[Goal of the exercise] Without the pictures, set down everything in the listing exactly.

[Entries provided]
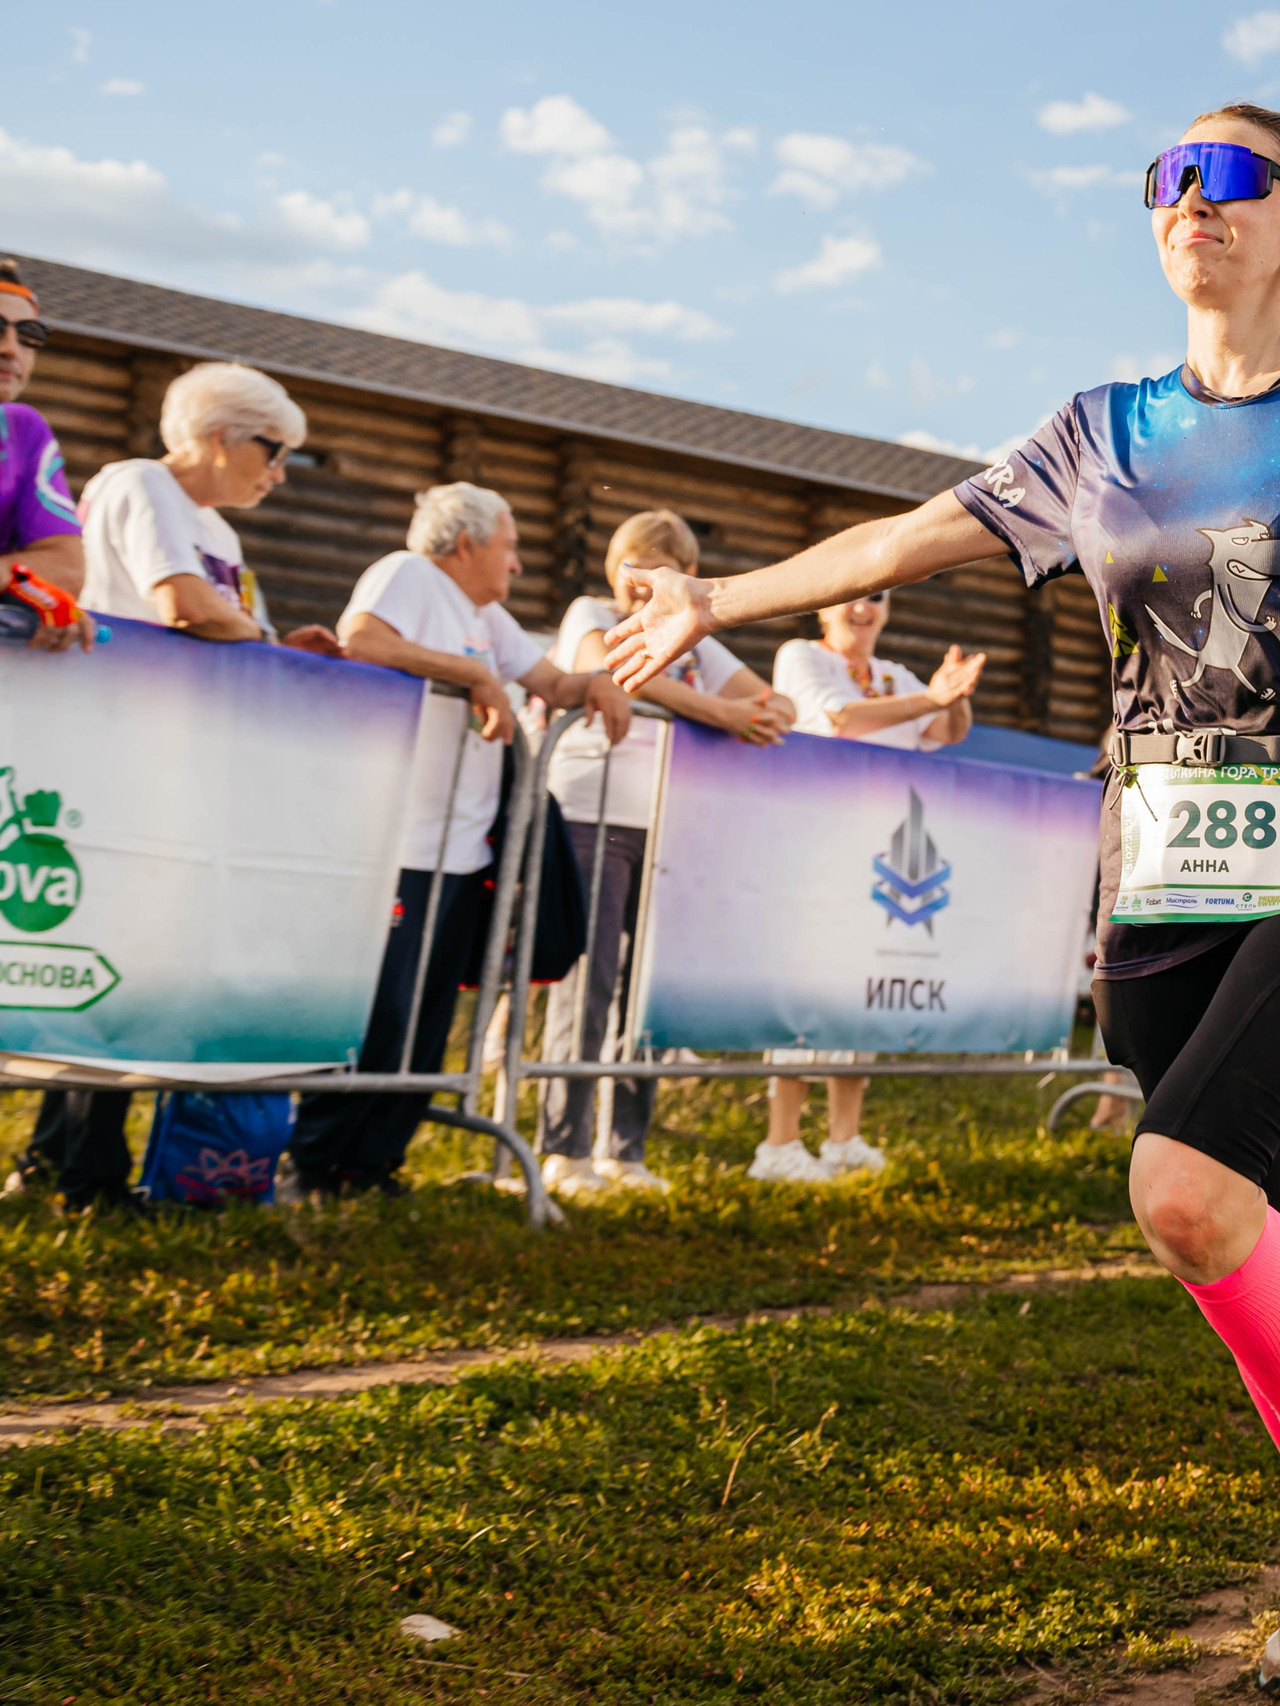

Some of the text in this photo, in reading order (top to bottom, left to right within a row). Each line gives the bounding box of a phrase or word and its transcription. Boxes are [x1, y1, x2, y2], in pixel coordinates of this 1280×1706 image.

[1220, 766, 1258, 781] ГОРА
[1166, 800, 1277, 850] 288
[1180, 859, 1230, 873] АННА
[0, 961, 96, 989] СНОВА
[866, 977, 946, 1011] ИПСК
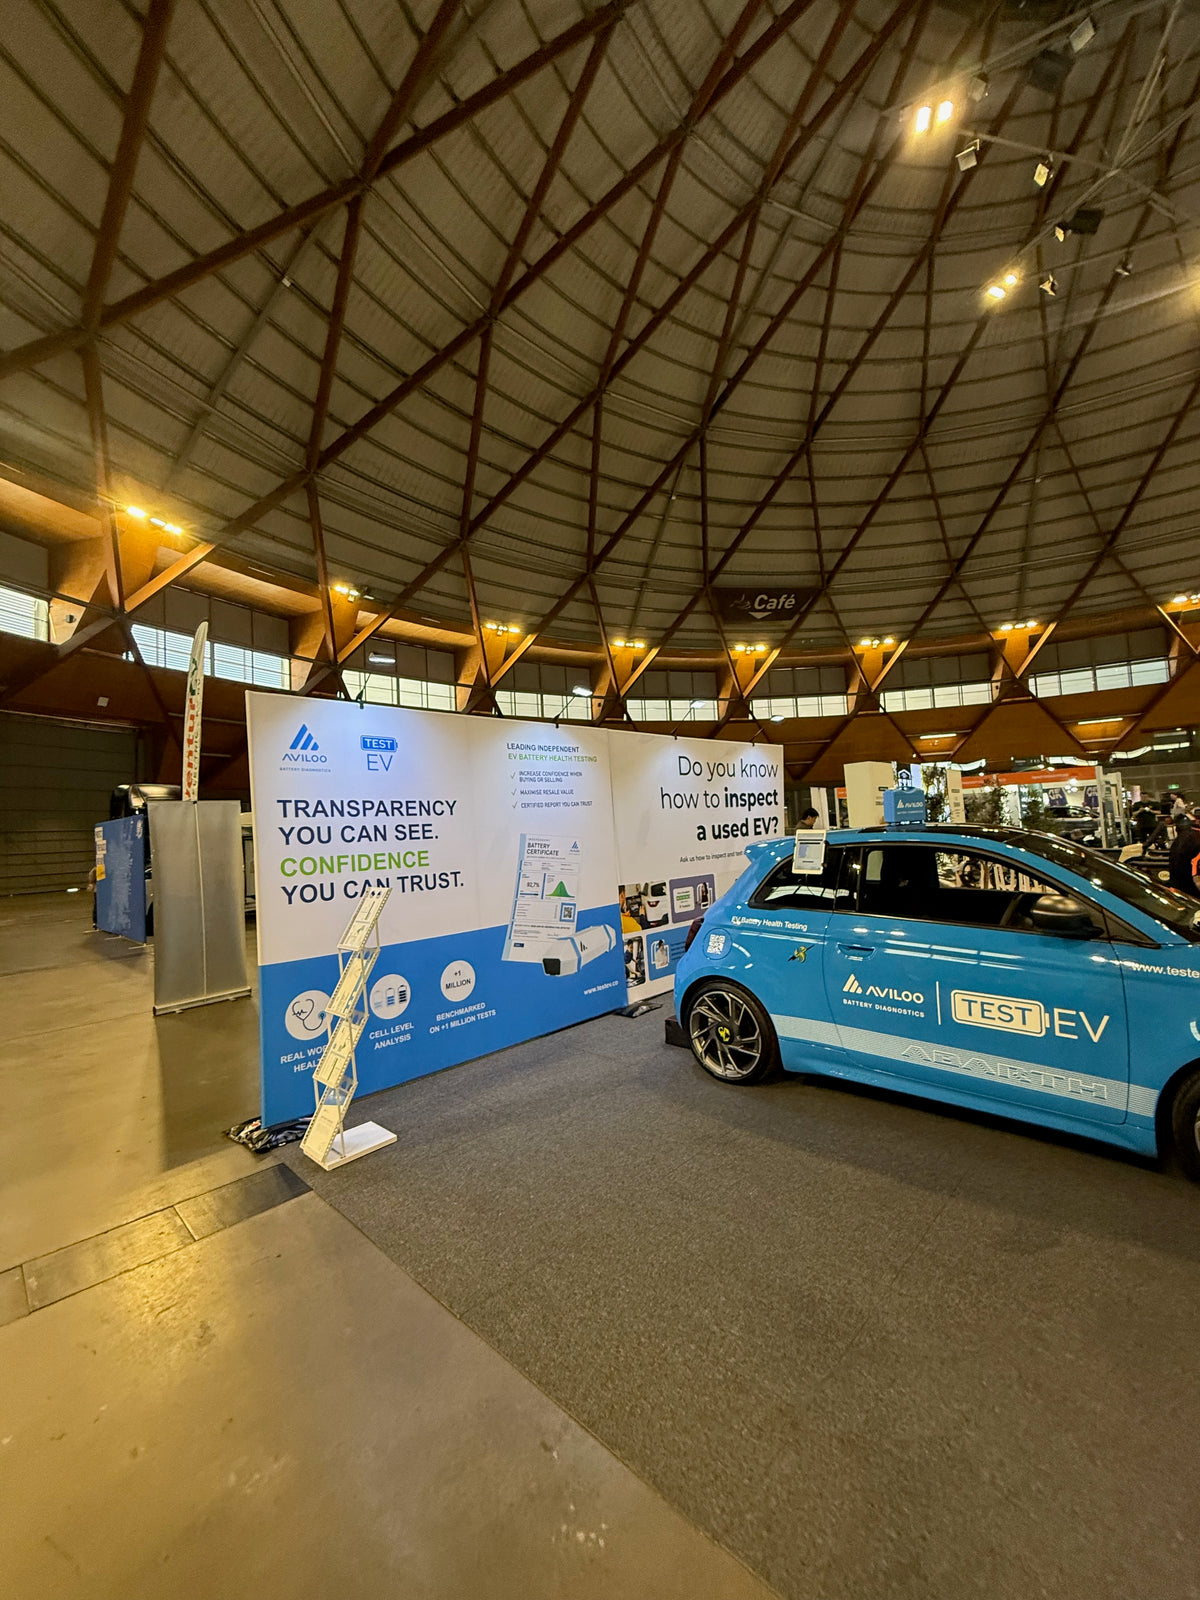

[Exercise answer]
Some of the text in this photo, in reading order (top to bottom, left to right within a row). Each line gives the bounding box of a phrase or word and its transcription. Boxes are [x1, y1, x2, y2], in pixel coordinates of this 1280×1706 image.

[1220, 766, 1258, 781] ГОРА
[1166, 800, 1277, 850] 288
[1180, 859, 1230, 873] АННА
[0, 961, 96, 989] СНОВА
[866, 977, 946, 1011] ИПСК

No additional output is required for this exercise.